* _What you need to do_: Omitting all images, output the entries that follow exactly as written.

*** Begin section ***

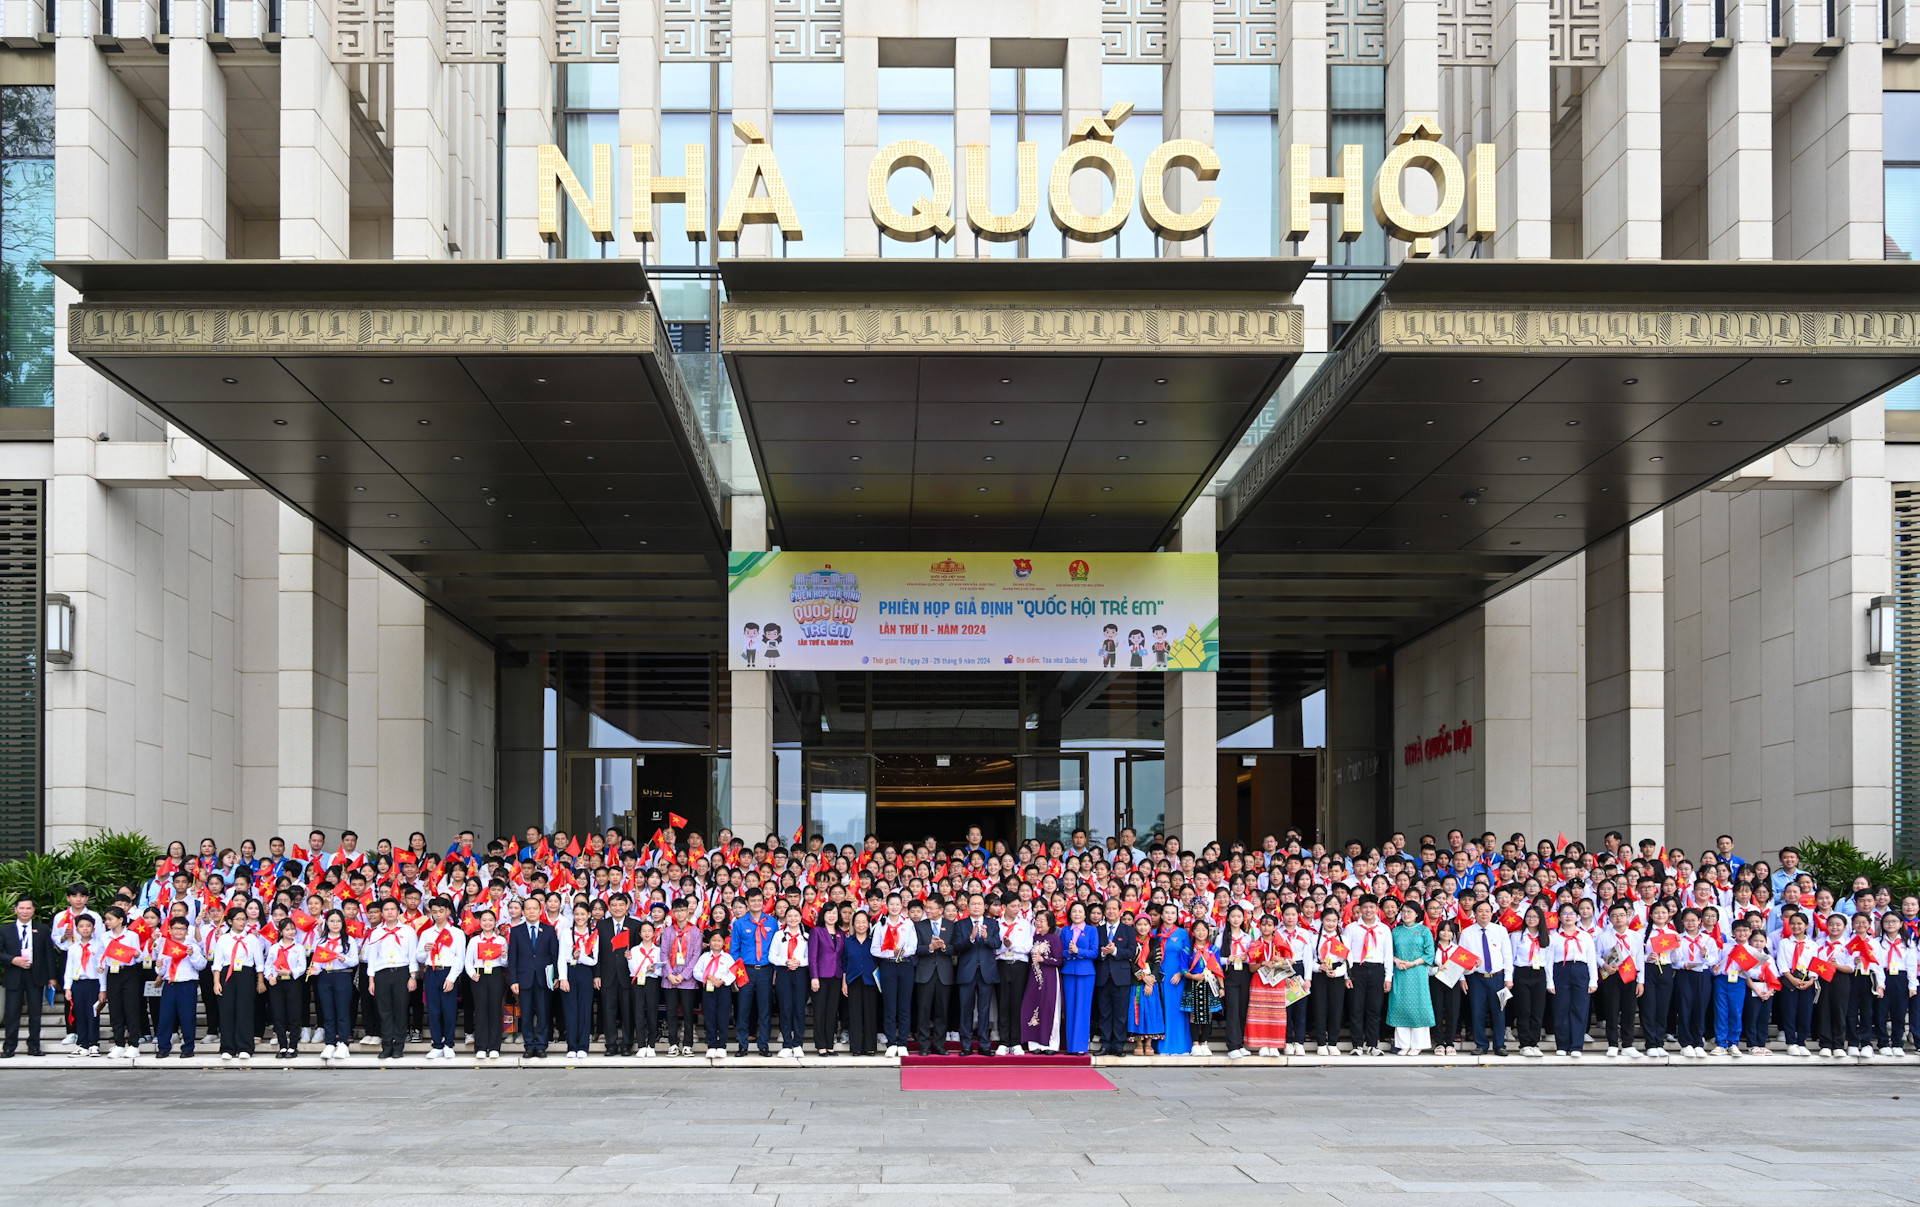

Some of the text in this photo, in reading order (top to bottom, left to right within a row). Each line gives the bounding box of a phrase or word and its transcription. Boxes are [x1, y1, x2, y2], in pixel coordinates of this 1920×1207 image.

[537, 102, 1496, 259] NHÀ QUỐC HỘI
[793, 599, 858, 624] QUỐC HỘI
[879, 598, 919, 615] PHIÊN
[924, 601, 950, 618] HỌP
[955, 596, 977, 615] GIẢ
[981, 601, 1013, 618] ĐỊNH
[1017, 594, 1067, 618] "QUỐC
[1071, 597, 1096, 618] HỘI
[1100, 596, 1128, 615] TRẺ
[800, 620, 827, 638] TRẺ
[879, 621, 896, 635] LẦN
[899, 623, 919, 635] THỨ
[921, 625, 928, 635] II
[937, 624, 959, 635] NĂM
[961, 625, 986, 635] 2024

*** End section ***

* _Answer space_:
Some of the text in this photo, in reading order (top to bottom, left to right within a row). Each line gives the bounding box of a phrase or word and its transcription. Boxes are [x1, y1, x2, y2], in pixel coordinates of this 1920×1207 image.

[537, 102, 1496, 259] NHÀ QUỐC HỘI
[793, 599, 858, 624] QUỐC HỘI
[879, 598, 919, 615] PHIÊN
[924, 601, 950, 618] HỌP
[955, 596, 977, 615] GIẢ
[981, 601, 1013, 618] ĐỊNH
[1017, 594, 1067, 618] "QUỐC
[1071, 597, 1096, 618] HỘI
[1100, 596, 1128, 615] TRẺ
[800, 620, 827, 638] TRẺ
[879, 621, 896, 635] LẦN
[899, 623, 919, 635] THỨ
[921, 625, 928, 635] II
[937, 624, 959, 635] NĂM
[961, 625, 986, 635] 2024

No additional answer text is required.